En revanche, le gouvernement, en soumettant aux députés 148 projets de loi, a joué à fonds sur ses prérogatives. Et, sans grande surprise, ils ont tous été adoptés. Ce qui fait dire au député–sortant Alioune Souaré, qui est spécialiste du droit parlementaire que « nous avons une Assemblée nationale qui a passé tous ces cinq ans à consommer des projets de loi. Nous avons une Assemblée qui a été moins productive (alors que) l’article 80 de la Constitution indique que l’initiative des lois appartient concurremment au Président de la République et aux députés ».
En matière de contrôle de l’action du gouvernement, le bilan n’a pas été aussi des plus reluisants. Ils n’ont lancé que deux commissions d’enquête (sur les inondations et l’affaire des 94 milliards de francs CFA) et posé quinze questions écrites.

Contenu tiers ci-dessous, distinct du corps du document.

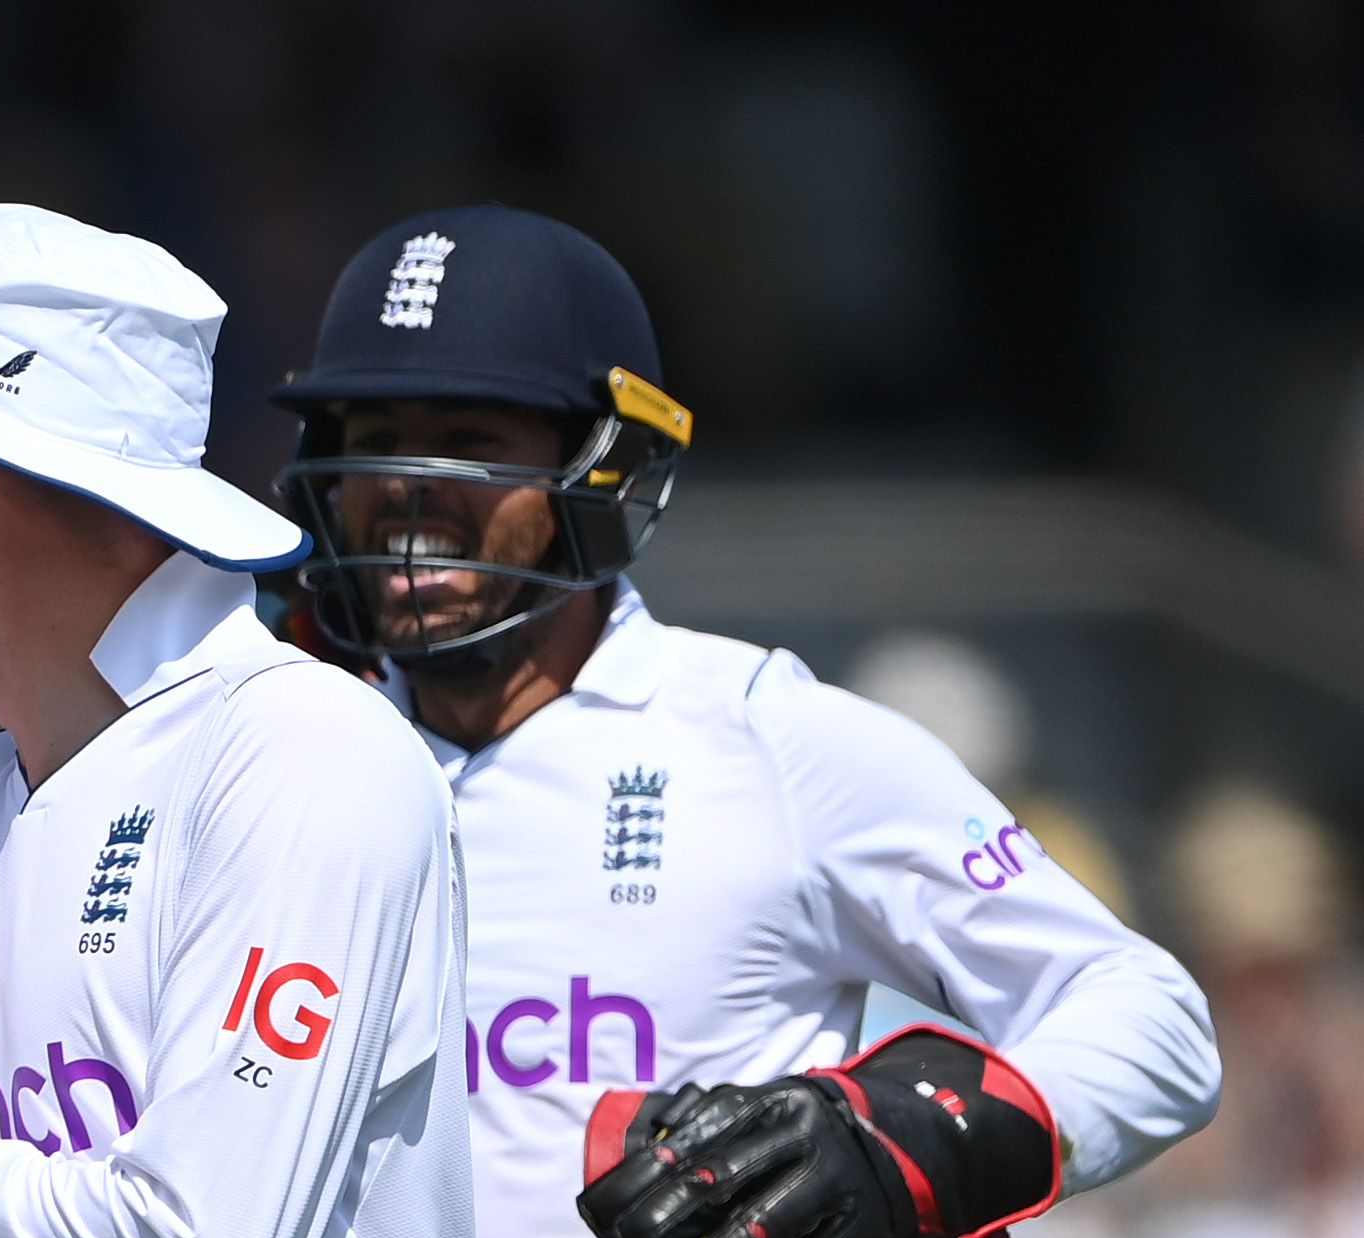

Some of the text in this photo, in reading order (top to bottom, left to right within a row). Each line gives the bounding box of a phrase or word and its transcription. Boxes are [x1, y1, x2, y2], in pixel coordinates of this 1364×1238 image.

[962, 818, 1048, 891] cin
[610, 883, 657, 905] 689
[78, 932, 117, 955] 695
[222, 946, 341, 1061] IG
[466, 975, 658, 1094] ch
[233, 1056, 273, 1089] ZC

Ils n’ont ni posé de question orale ou d’actualité ni auditionné un ministre.
Pour l’évaluation des politiques publiques aussi, l’Assemblée nationale s’est illustrée par sa timidité entre 2017 et 2022. Le Comité qui devait être mis en place en ce sens (article 97 du Règlement intérieur), n’a jamais fonctionné puisque n’ayant pas été installé.

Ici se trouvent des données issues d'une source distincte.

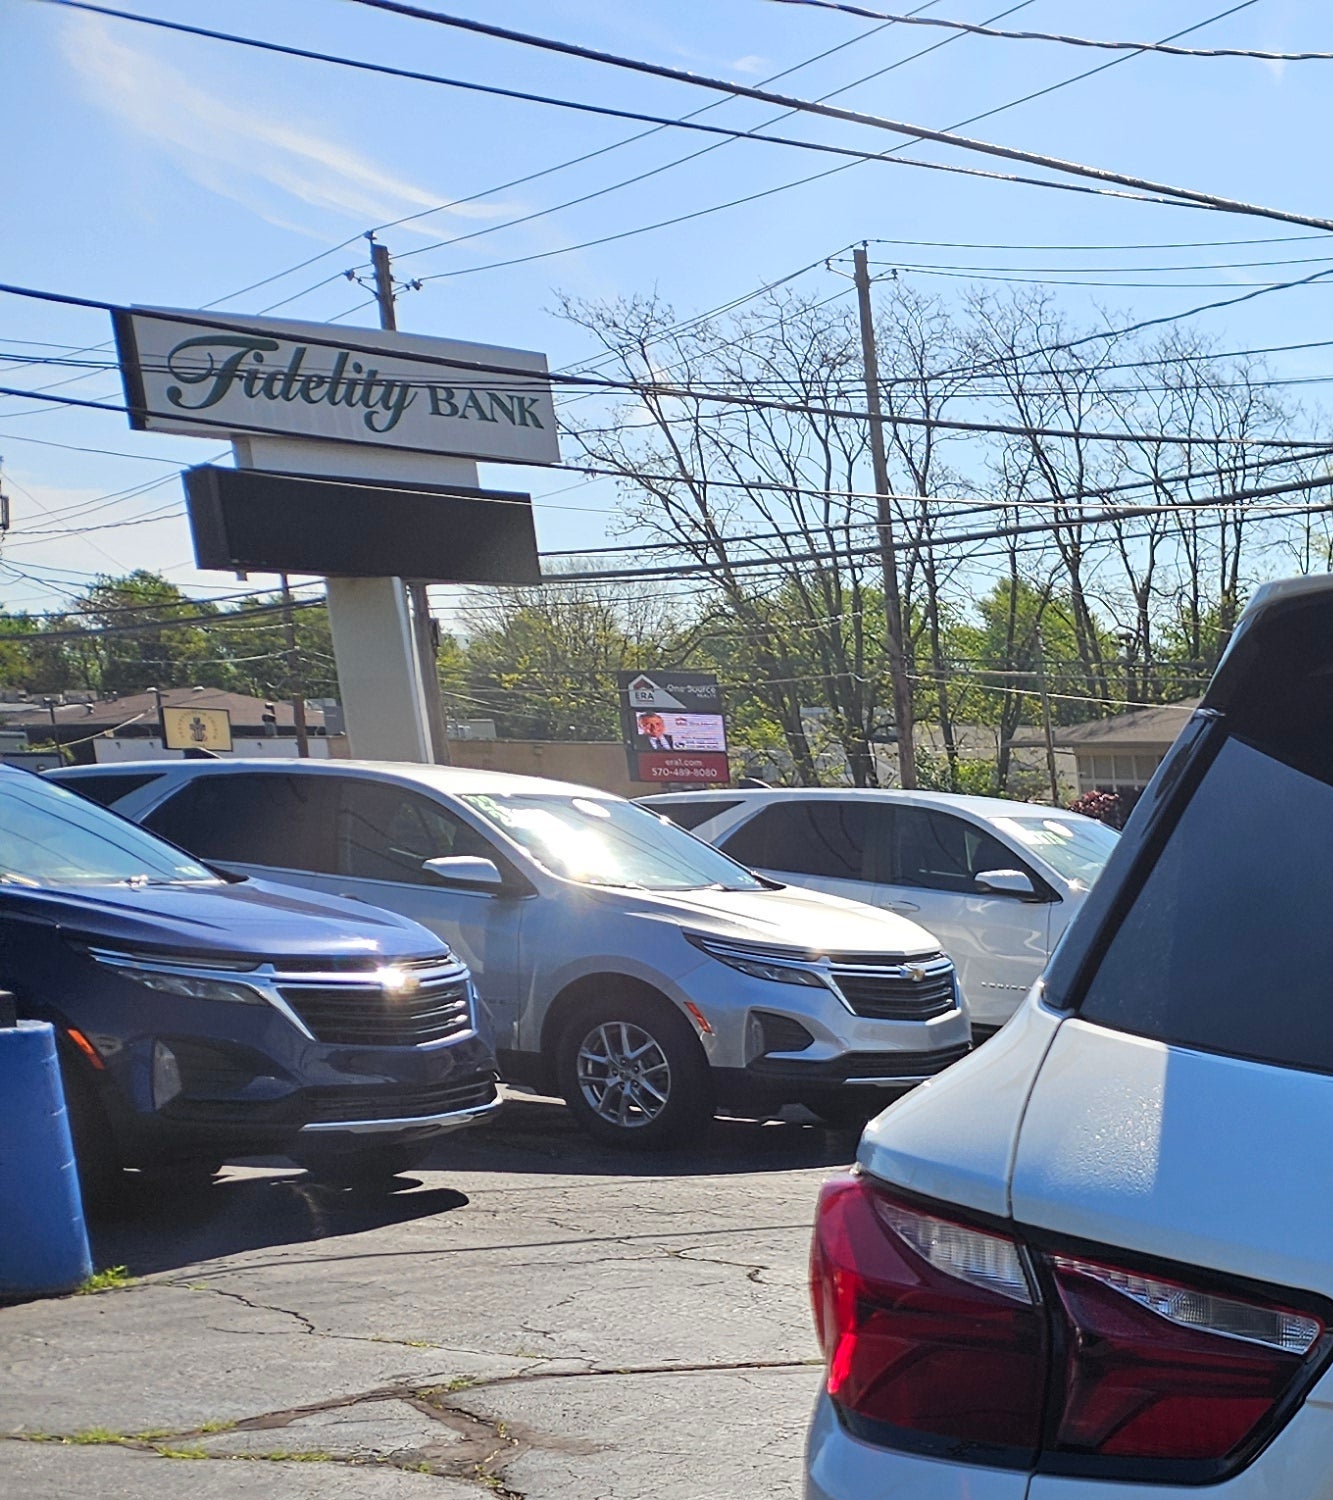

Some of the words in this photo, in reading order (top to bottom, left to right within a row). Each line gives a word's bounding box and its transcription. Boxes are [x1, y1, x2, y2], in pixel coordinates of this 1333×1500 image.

[167, 334, 419, 433] Fidelity
[426, 384, 545, 430] BANK
[687, 684, 717, 694] Source
[634, 691, 655, 700] ERA
[651, 767, 718, 777] 570-489-8080

L’éclaircie dans la grisaille
L’Assemblée nationale du Sénégal, à en croire son président–sortant, Moustapha Niasse, a pris des options claires pour des réformes dont le maître mot est la modernisation, pour améliorer les outils de travail et le fonctionnement de l’Institution.
À ce titre, Niasse soutient qu’ « aujourd’hui, l’interprétation simultanée, qui concerne six langues nationales et le français, est une réalité, depuis décembre 2014, grâce à la coopération avec l’Union européenne » est une réalité au sein de l’Hémicycle.

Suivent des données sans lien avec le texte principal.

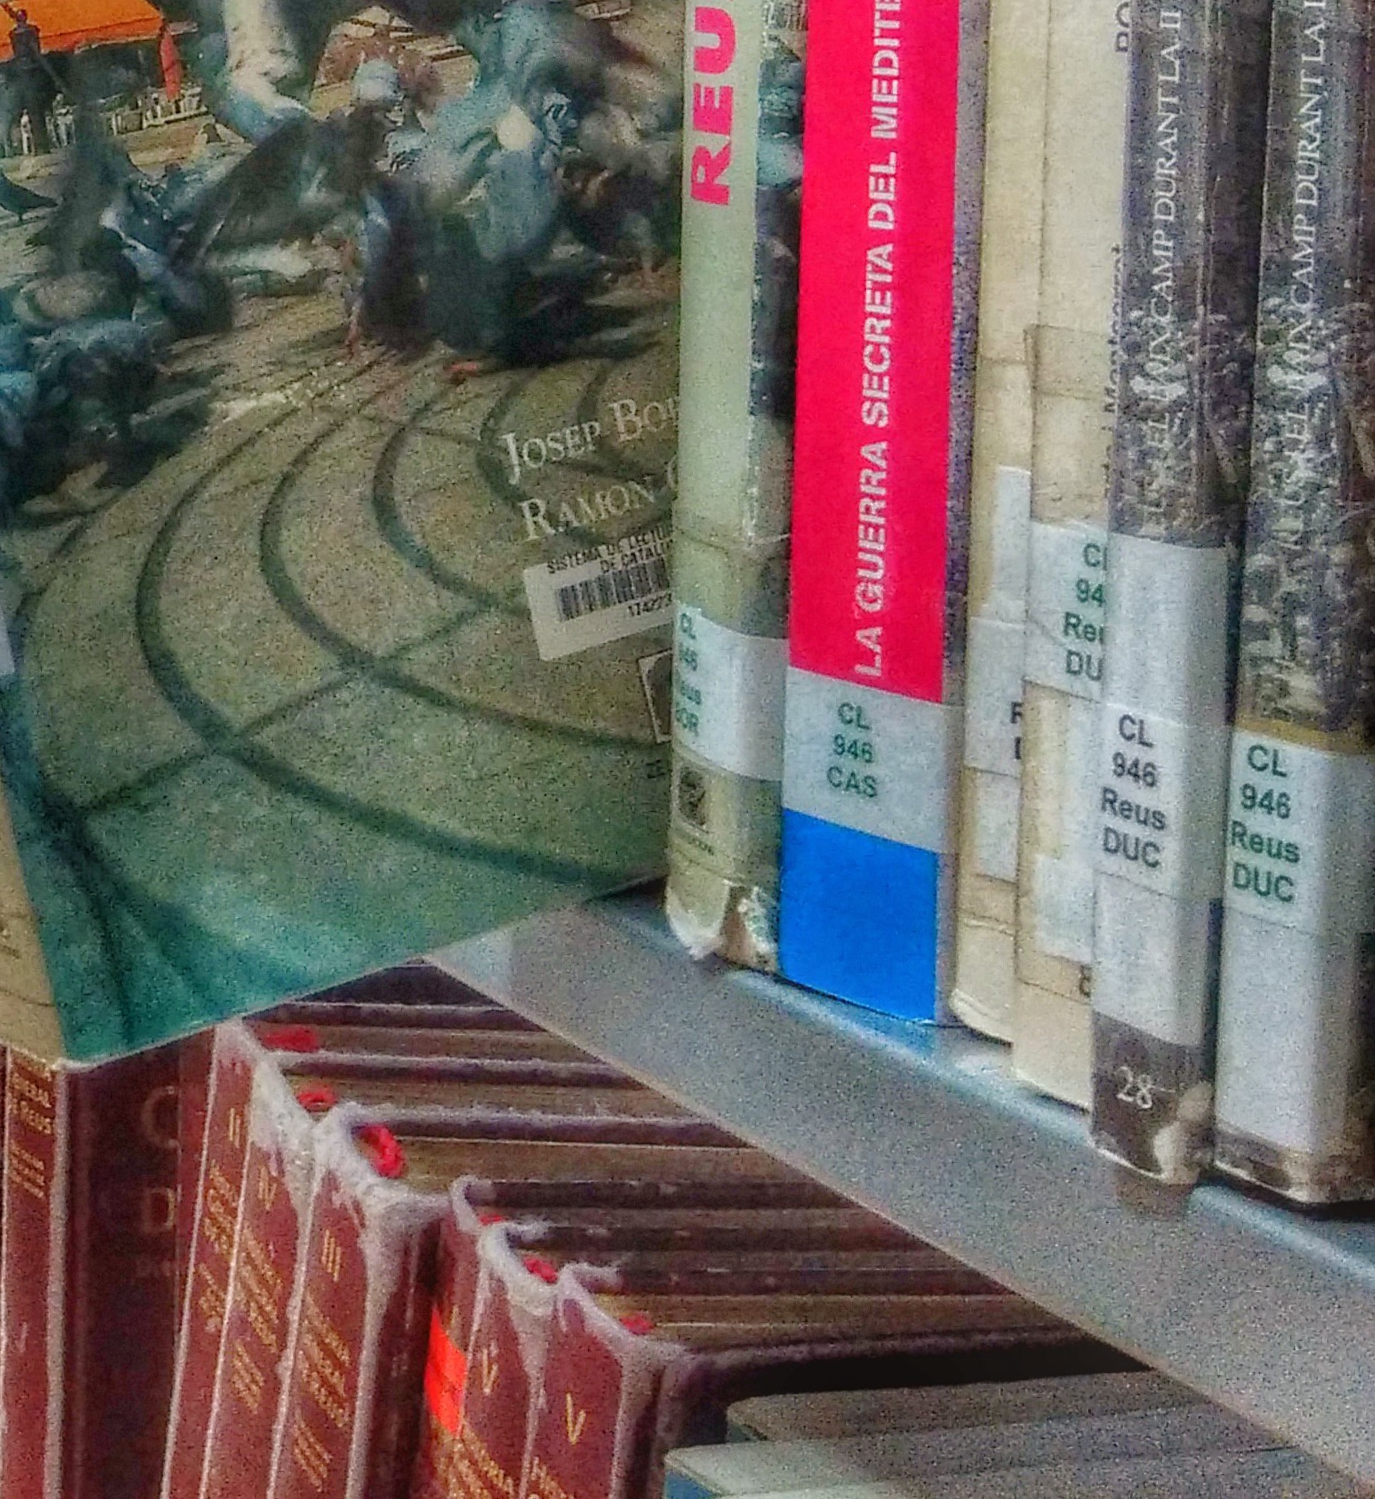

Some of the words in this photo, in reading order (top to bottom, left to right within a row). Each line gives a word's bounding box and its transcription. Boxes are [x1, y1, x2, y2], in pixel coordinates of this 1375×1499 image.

Poursuivant son propos, il souligne que L’USAID et l’ONG 3D leur ont permis de « numériser la bibliothèque et les archives qui datent de la période de l’Afrique Occidentale Française, où les huit anciens territoires étaient représentés, en cet Hémicycle ».
Last but not least, avec le Projet KOICA, la numérisation des résultats des activités législatives et l’amélioration de l’accessibilité aux informations législatives, pour les chercheurs, les étudiants et les doctorants, sont sur de bons rails. Et « dans cette direction, tout sera mis en œuvre pour développer une application capable d’afficher les résultats du vote électronique. Il sera également mis en place un système de gestion des enregistrements pour les activités législatives et le site web de l’Assemblée nationale sera amélioré », a fait savoir Moustapha Niasse.
Un bilan pollué par divers scandales
La 13ème législature, pour ce qui la concerne, sera toujours évoquée dans les souvenirs de la postérité. Non pas parce qu’elle est au même niveau que les autres, même la 12ème reste plus intéressante; mais surtout parce qu’elle a été à l’origine de controverses qui continuent de rythmer la vie sociopolitique du pays.
Attendus sur le terrain des propositions de lois et de contrôle de l’action gouvernementale, le travail de la 13ème Législature a été plutôt pollué par divers scandales impliquant des parlementaires notamment du groupe de la majorité parlementaire, Benno Bokk Yaakaar (BBY). Seydina Fall alias “Bougazelli“, alors député et membre de l’Alliance pour la République (APR, parti au pouvoir), a été arrêté en flagrant délit par des gendarmes de la Section de recherches (SR), le 14 novembre 2019, au niveau de la station d’essence de Ngor. Il s’agit de l’affaire de trafic présumé de faux billets de banque. Le représentant du peuple est placé sous mandat de dépôt à la suite de son face–à–face avec le Procureur avant de bénéficier, le 10 juin 2020, d’une liberté provisoire pour des raisons de santé.
Ce sera au tour de deux autres de ses collègues députés de faire l’objet d’une citation dans une affaire de trafic présumé de passeports diplomatiques : El Hadji Mamadou Sall et Boubacar Biaye. Jugés en mai dernier, Boubacar Biaye a écopé d’une peine de 2 ans dont 5 mois ferme. Mamadou Sall doit purger, lui, une peine de 2 ans dont 6 mois ferme.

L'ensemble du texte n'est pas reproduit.